Shelby still wasn’t a hundred percent sure what the primate’s hand movement indicated and the answer might never be known unless the so-called experts could figure a way into the container. She checked the time. By now the UCO would be readying for takeoff from Elmendorf for NASA in Virginia. All she had now were the bones, and though she was fairly certain in her conviction they were linked to Goliath, her gut intuition cautioned her to maintain an open mind. Finding the owner of the large adult ulna would go a long way in solidifying her hypothesis. She hoped the answer was up ahead on Little Okpilak.
They made good time and reached the target location on the offshoot at eleven, taking a brief break for hydration and a lunch of energy bars, cheese sticks, and an apple.

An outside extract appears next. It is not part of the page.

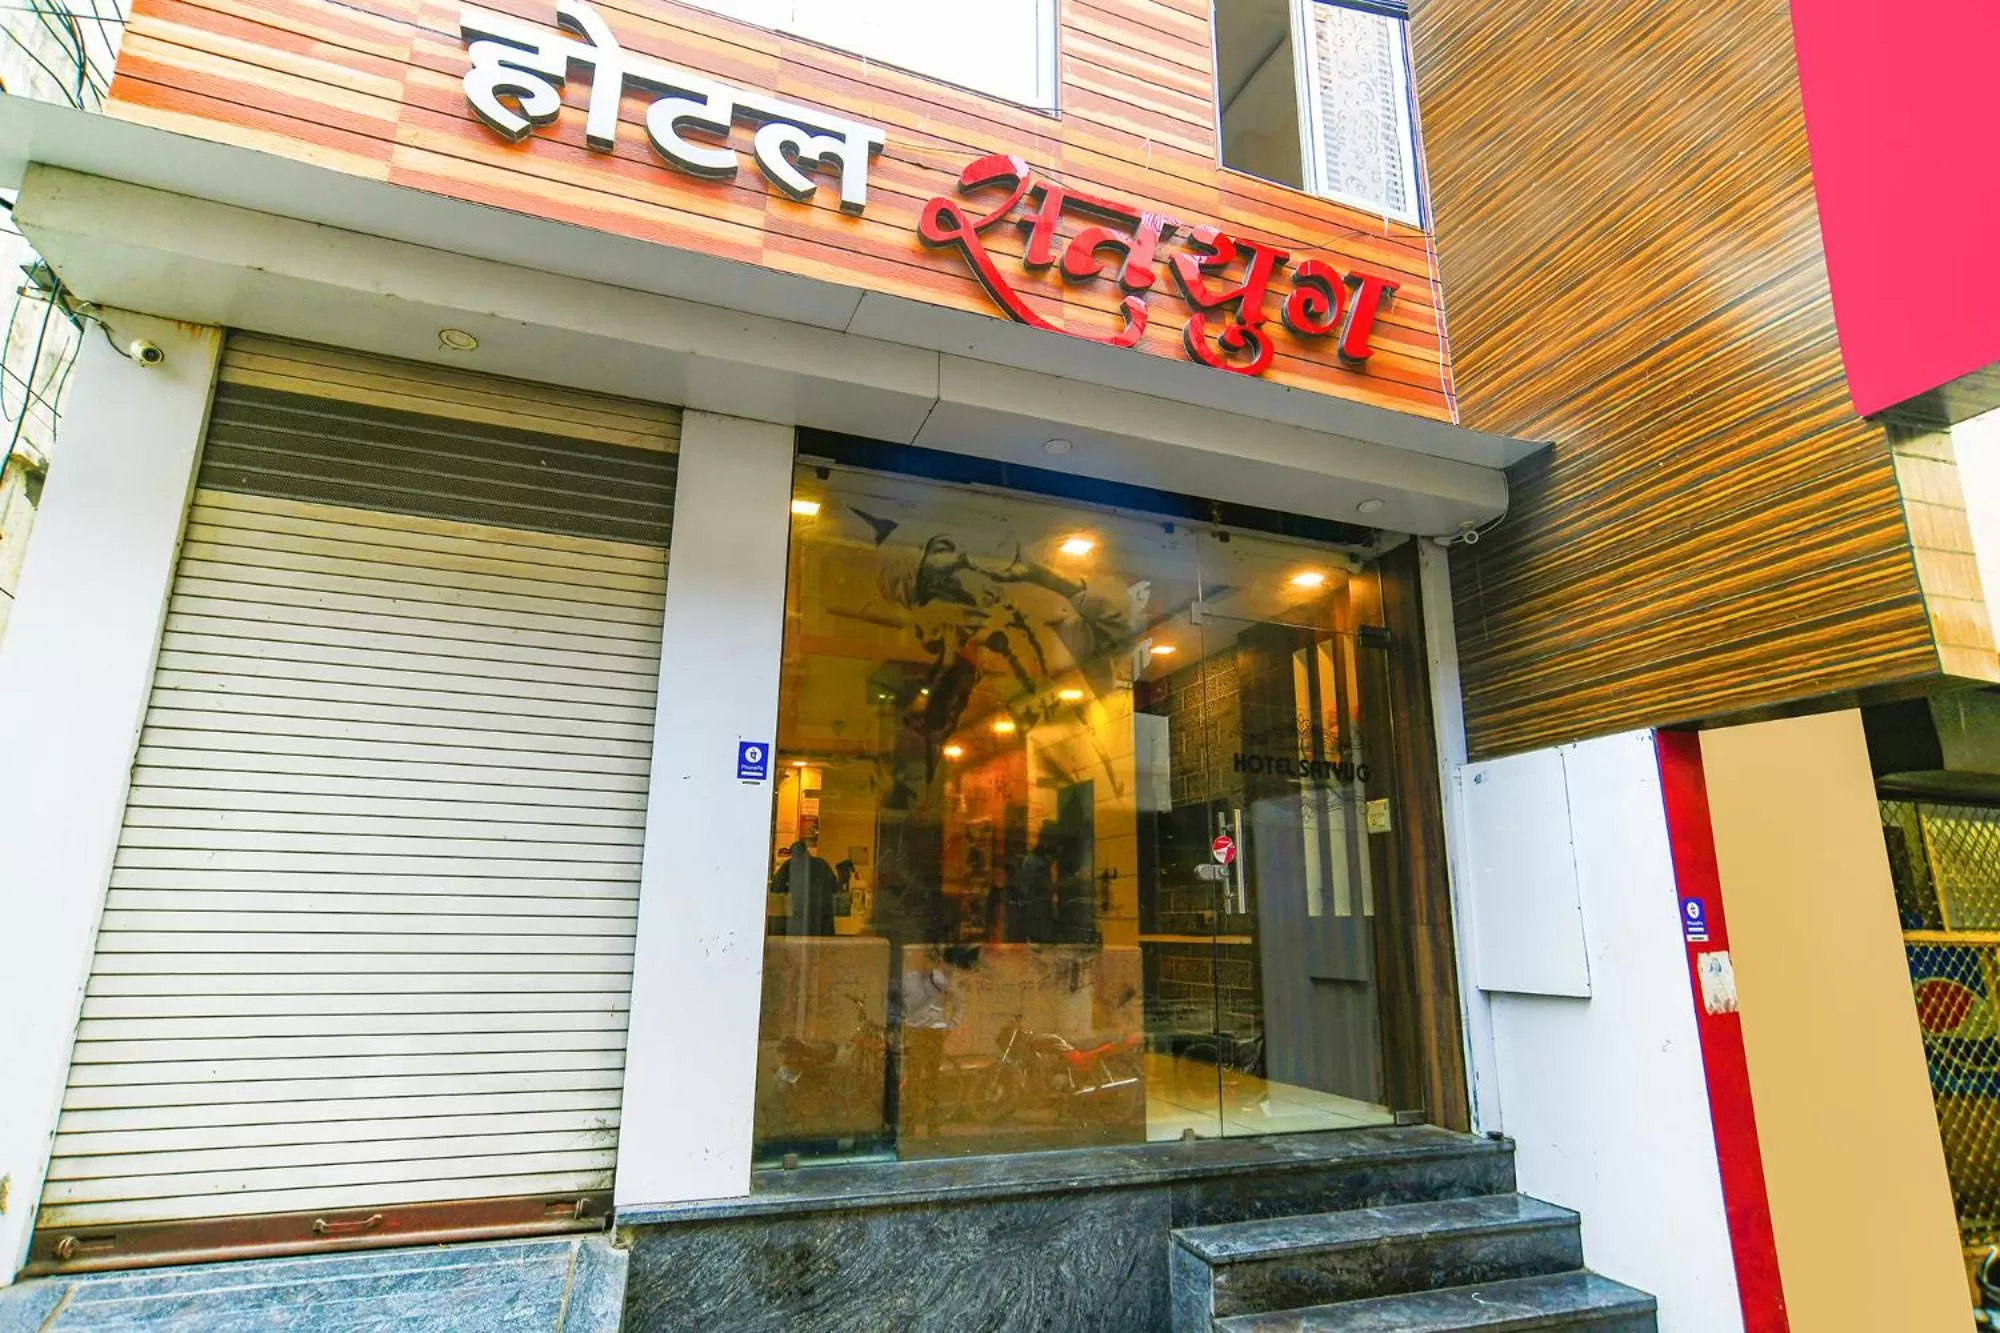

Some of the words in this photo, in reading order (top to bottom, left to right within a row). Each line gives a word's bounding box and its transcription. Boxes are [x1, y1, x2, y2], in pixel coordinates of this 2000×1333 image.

[460, 0, 885, 216] होटल
[1233, 753, 1297, 776] HOTEL
[1299, 760, 1370, 783] SATYUG

The high rock ridges rose steeply on both sides with the glacier seemingly filling the gorge below.
John watched the pilot checking the ice, commenting, “Twenty-eight thousand years ago this might have been ice free and only later did the glacier flow in,” adding, “which would explain the fragments of plant material isolated from the shale and slate we collected.”
The military pressman asked Shelby, “You believe there is another skeleton, yes?”
“I do,” she replied, watching for ice fissures. The only ones she’d seen she could easily step over. “I have a large segment of bone that doesn’t match the smaller skeleton.”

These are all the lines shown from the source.